[[ DATA SHOWN, beginning ]]

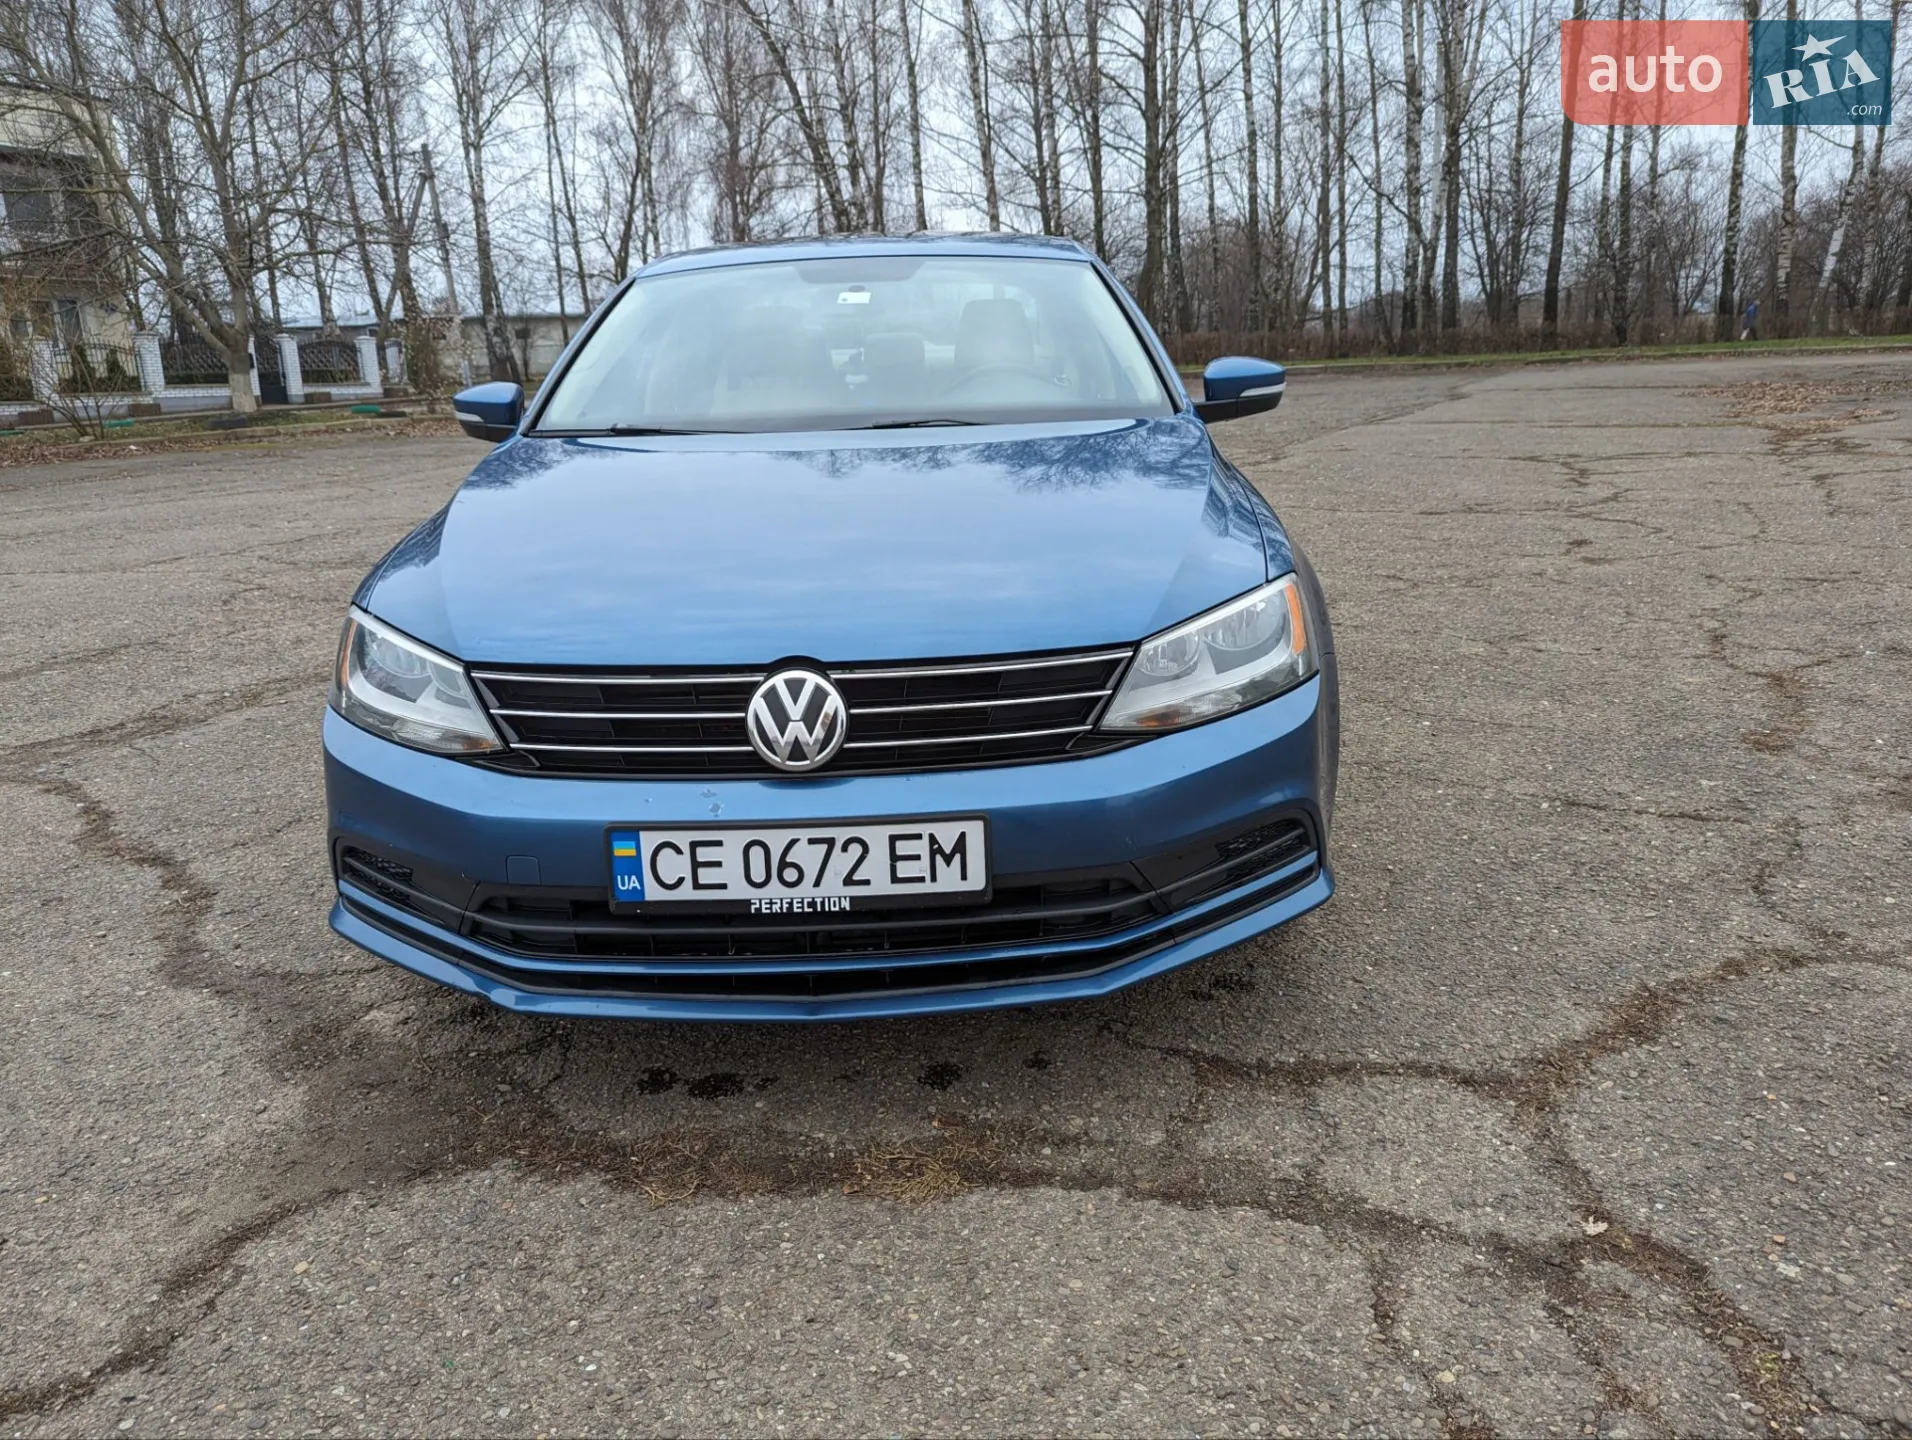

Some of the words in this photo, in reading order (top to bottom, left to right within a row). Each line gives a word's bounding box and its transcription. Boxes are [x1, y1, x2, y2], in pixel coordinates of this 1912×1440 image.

[649, 839, 728, 890] CE
[743, 836, 871, 889] 0672
[888, 830, 968, 884] EM
[617, 875, 641, 891] UA
[750, 896, 851, 914] PERFECTION

[[ DATA SHOWN, end ]]

> WHAT THIS TASK INVOLVES
Pictures are to be dropped, and the remaining data set down exactly.

> PROBLEM SOLUTION
Some of the words in this photo, in reading order (top to bottom, left to right within a row). Each line gives a word's bounding box and its transcription. Boxes are [x1, y1, x2, y2], in pixel coordinates of this 1912×1440 image.

[649, 839, 728, 890] CE
[743, 836, 871, 889] 0672
[888, 830, 968, 884] EM
[617, 875, 641, 891] UA
[750, 896, 851, 914] PERFECTION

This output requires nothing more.